__Data supplied__.
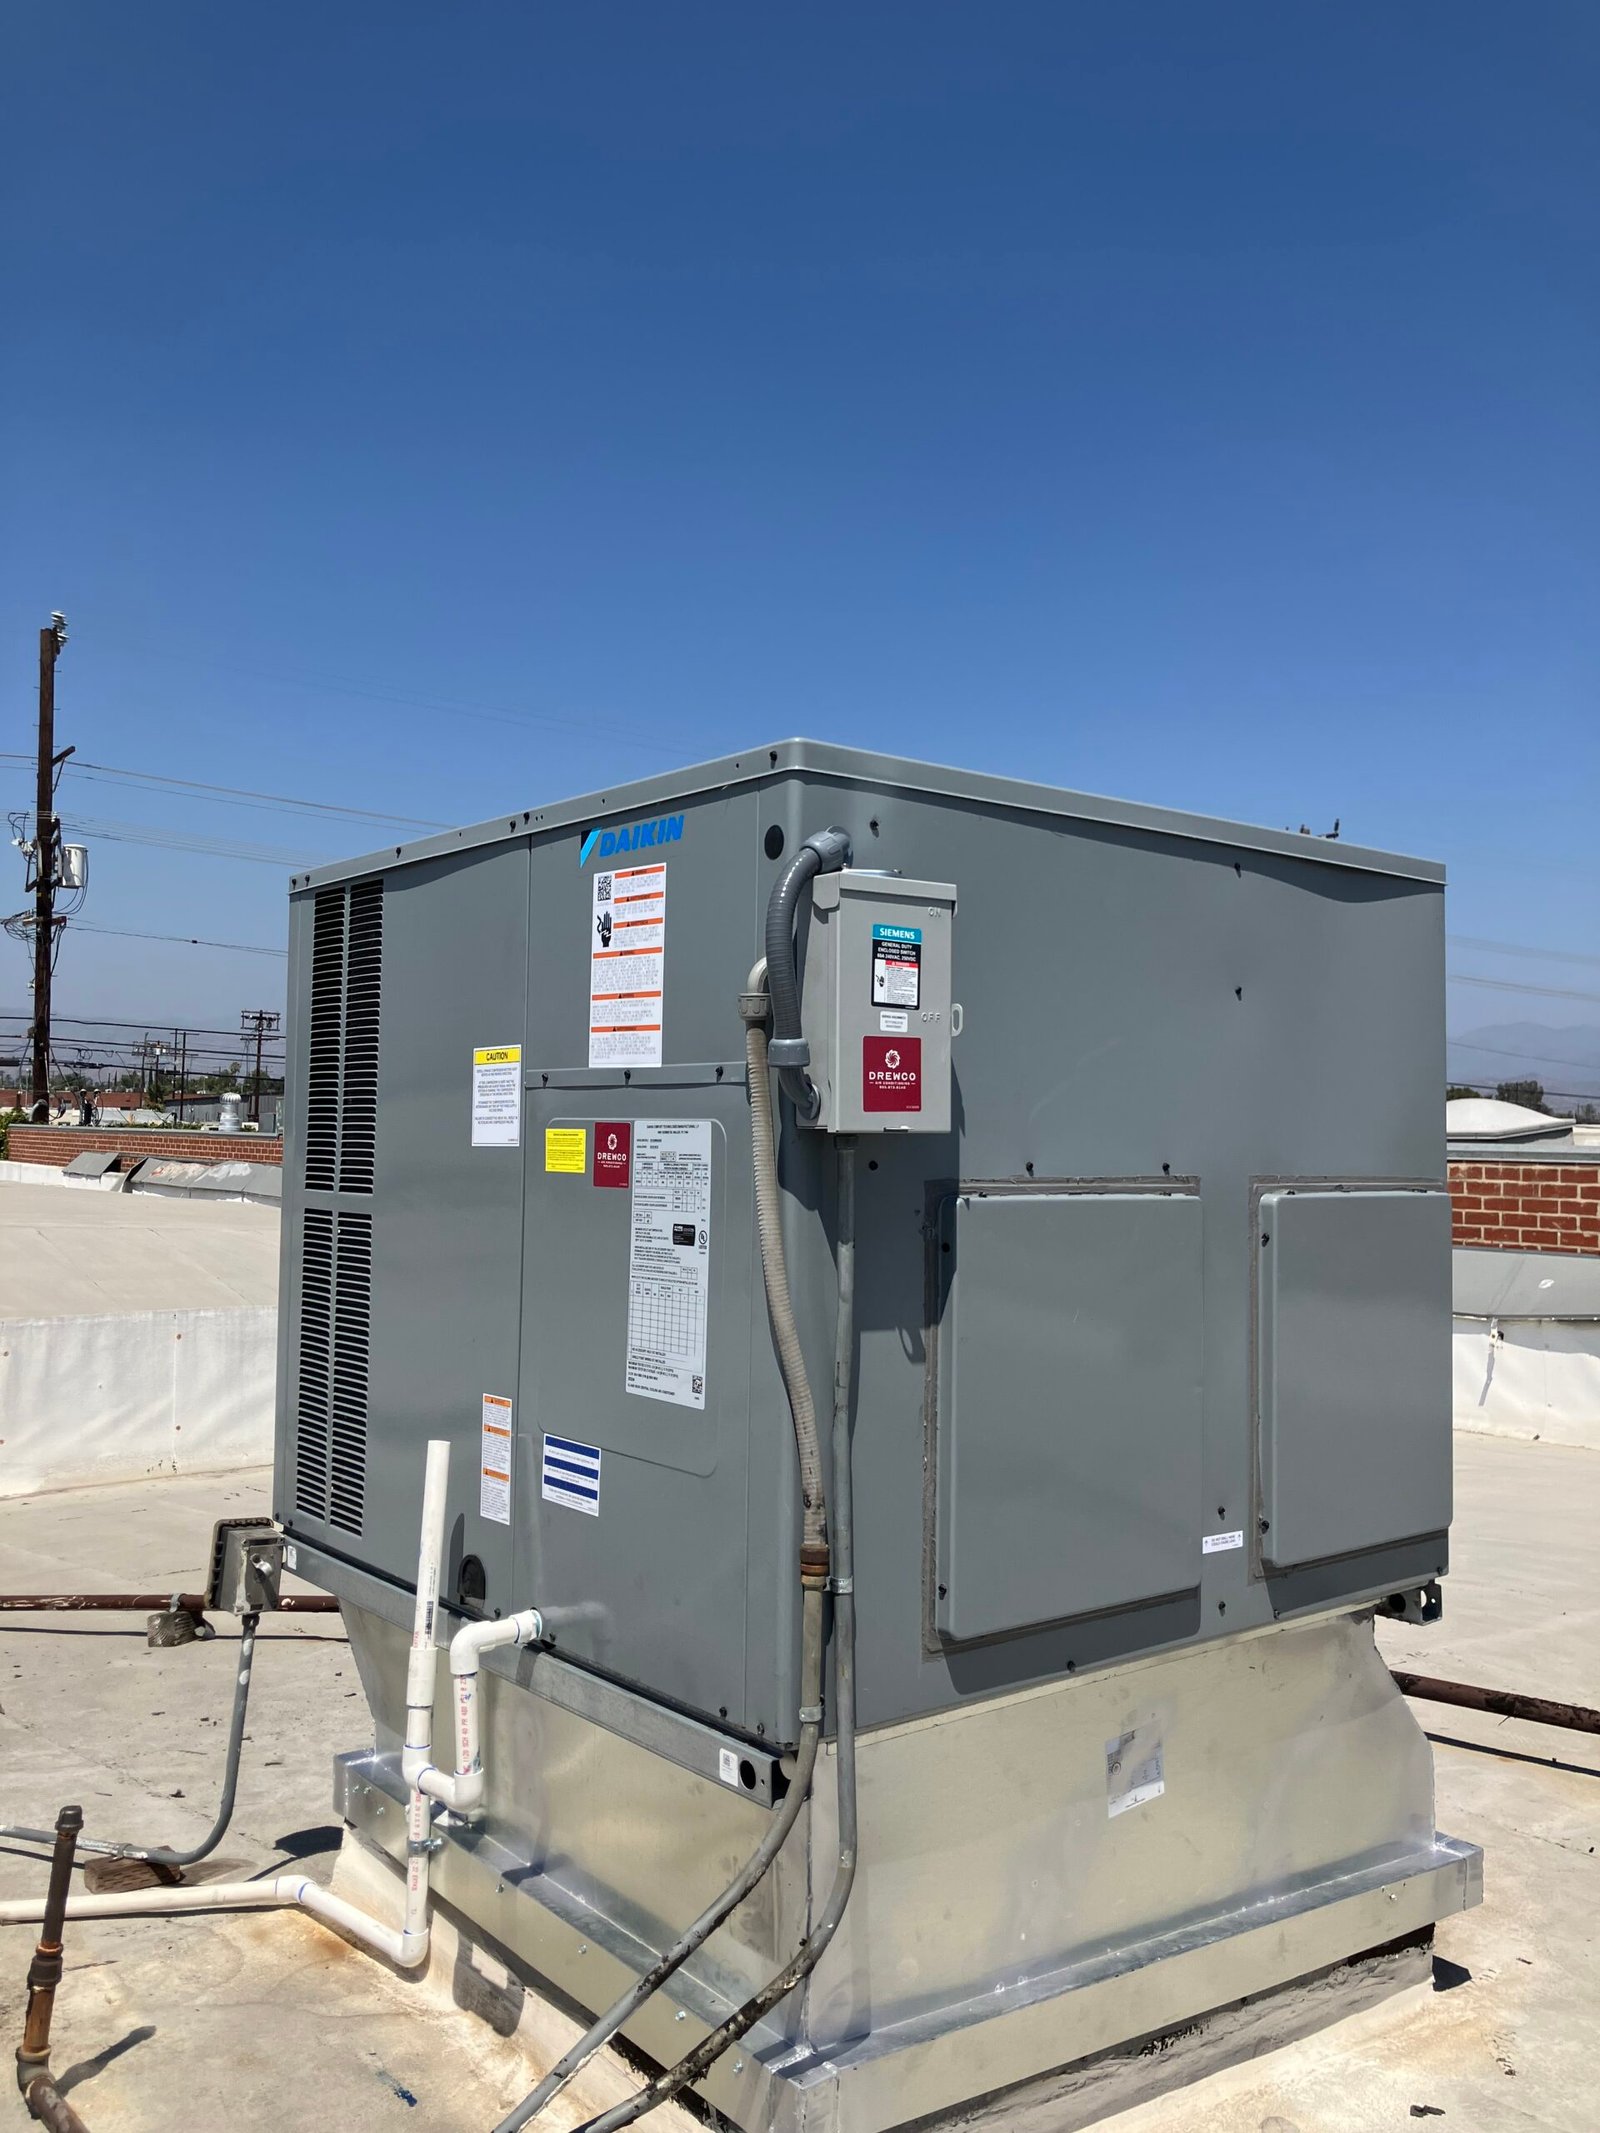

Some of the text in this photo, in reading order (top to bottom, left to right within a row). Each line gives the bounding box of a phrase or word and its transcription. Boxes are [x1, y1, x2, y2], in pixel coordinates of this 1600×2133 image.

[599, 815, 685, 858] DAIKIN
[927, 906, 941, 918] ON
[880, 928, 915, 940] SIEMENS
[881, 941, 901, 949] GENERAL
[921, 1012, 941, 1023] OFF
[486, 1051, 509, 1062] CAUTION
[869, 1071, 916, 1081] DREWCO
[597, 1152, 627, 1162] DREWCO

__What this task involves__.
Your task is to repeat the entries above exactly, omitting the pictures.

__Solution for this task__.
Some of the text in this photo, in reading order (top to bottom, left to right within a row). Each line gives the bounding box of a phrase or word and its transcription. Boxes are [x1, y1, x2, y2], in pixel coordinates of this 1600×2133 image.

[599, 815, 685, 858] DAIKIN
[927, 906, 941, 918] ON
[880, 928, 915, 940] SIEMENS
[881, 941, 901, 949] GENERAL
[921, 1012, 941, 1023] OFF
[486, 1051, 509, 1062] CAUTION
[869, 1071, 916, 1081] DREWCO
[597, 1152, 627, 1162] DREWCO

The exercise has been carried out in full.